“My vision is to create a world I want to live in.” — Peter Bregman
Peter Bregman, founder of the Bregman Leadership Institute said this at a recent (and amazing) leadership program.
While his vision deeply resonated with me on a personal level, I also found myself thinking about what a great message it would be when applied to the workplace.
Creating a workplace people would love
What if every employee in every organization consciously acted in ways that embodied the kind of workplace they would love to work in? What if they intentionally treated their colleagues in ways that helped create the kind of workplace they would love to work in?”
Now let’s personalize this.
What if YOU did that?
What if you started each day with the intention of bringing your best self to work and consciously modeled the kinds of behaviors and ways of interacting that you would love to see in others where you work?
Would you be willing to do that?
If you want a more positive, respectful, human-friendly workplace, you don’t have to be the CEO of your company to help make that happen.
You can “Be The Change”
Think about simple Moments of Truth that shape how enjoyable it is to work where you do. These include:
- How people treat each other when they disagree.
- How people respond to feedback, especially from peers or subordinates.
- How people treat those in the organization with less power.
- Whether people take their commitments seriously.
- Whether people are willing to hold each other accountable for keeping their commitments and delivering what they promised when they promised.
- Whether people return emails and voice mails in a timely manner…or at all
- How people deal with a bad day; whether they take it out on others, or, do their best to not let it spill over into their interactions.
These are just a few of the many Moments of Truth that influence the emotional climate of a workplace. Think about some of the other Moments of Truth that affect how happy you are at work. Then, reflect on how you would love to see people act and treat each other when these occur.
This can be your guide, your “Lead by Example Personal Development Program.”
The kind of workplace I would love to work in
When I think of my own experiences as an employee, I remember how frustrating and distressing it often was to see how people treated each other — especially those in subordinate positions.
Based on my experiences, here is part of my list of “Here’s the Kind of Place I Would Love to Work At.” You can use this to jump-start your own list of what qualities and behaviors you would like to see more of, so that you can become more intentional about modeling them.
Here’s my partial list:
- When people are upset about something, they don’t use sarcasm, passive-aggressive behavior, or other toxic behavior to express their displeasure. They talk directly with the person about it, and they do so in a respectful way. They also truly try to understand the other’s point of view.
- Managers are not careless with their position of power. They don’t take liberties with people with less power, including talking to them in a condescending tone of voice or saying things they would never dare say to THEIR boss.
- Everybody recognizes that providing great internal customer service is not only critical to the success of the organization, but also the only honorable thing to do.
- Managers at all levels respect employees as human beings who have a right to have a personal life, not as machines whose only value is the output they create.
- Managers truly demonstrate a Servant Leader mindset vs. a User’s Mindset. In other words, they aren’t only focused on extracting the most out of their employees, but they focus on how they can help their employees perform at their best. They also clearly have their employees’ best interests at heart.
- Employees treat their manager and their employer as valuable clients, and try to provide as much value as possible to them.

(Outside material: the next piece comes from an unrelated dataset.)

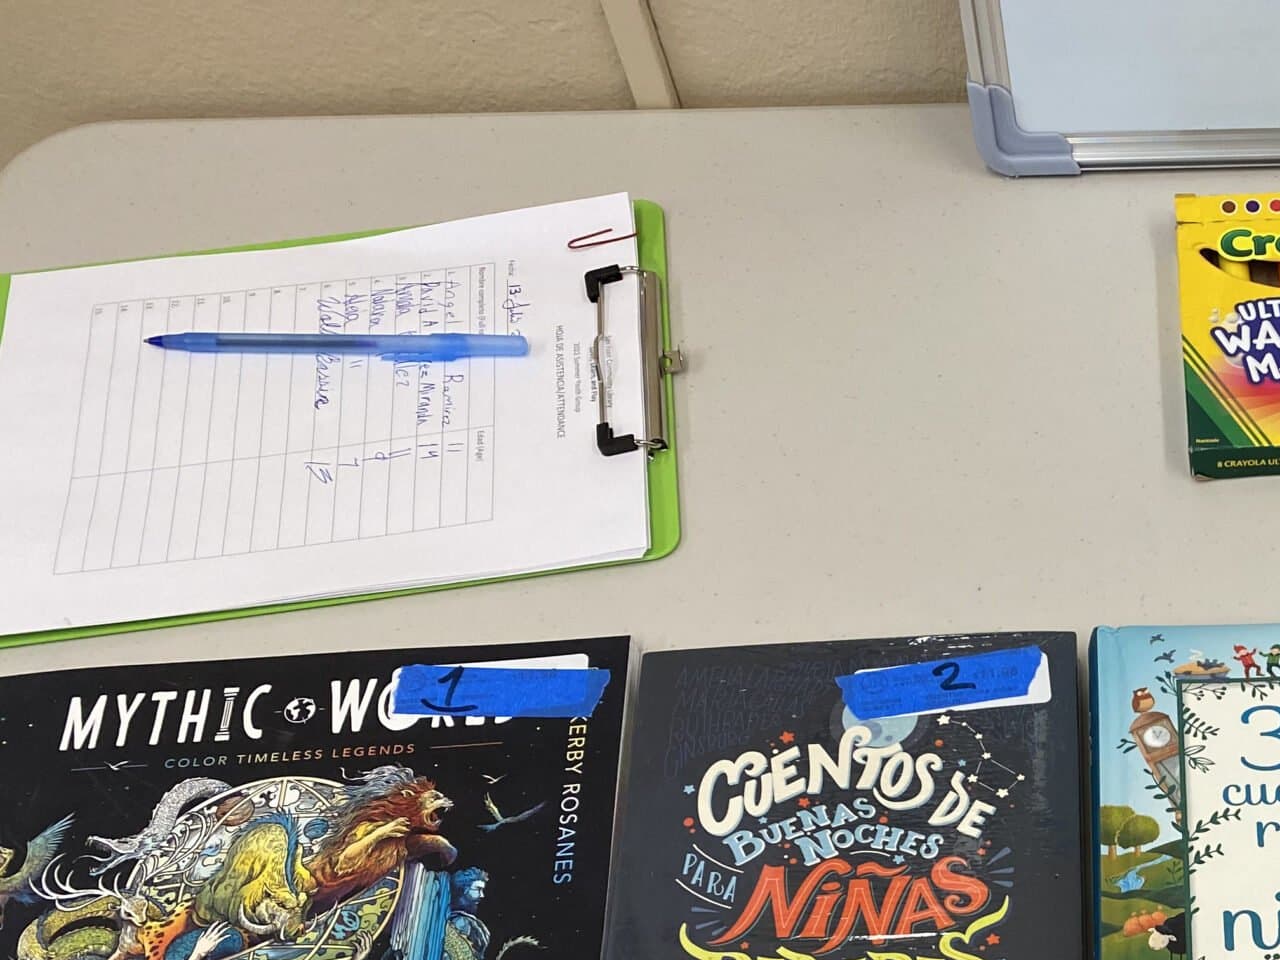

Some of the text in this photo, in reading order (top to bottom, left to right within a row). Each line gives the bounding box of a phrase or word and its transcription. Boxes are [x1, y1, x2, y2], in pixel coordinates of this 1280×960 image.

- Every employee, from frontline to the most senior leader, has a small business owner’s mentality. No task is beneath them or not in their job description. They demonstrate initiative and a willingness to go the extra mile, and are always focused on how they can provide more value.
Now, it’s your turn
Whether you write out your list or just do it mentally, don’t just think about this, do something with it. Then practice asking yourself, “How can I model the qualities and behaviors I would love to see more of in my organization?”
Then, look for opportunities to do just that. Look for opportunities to Be the Change.
After you’ve done this for a while and have walked your talk, share with others what you’ve been doing an invite them to examine how they can help create a workplace that they too would love to work in.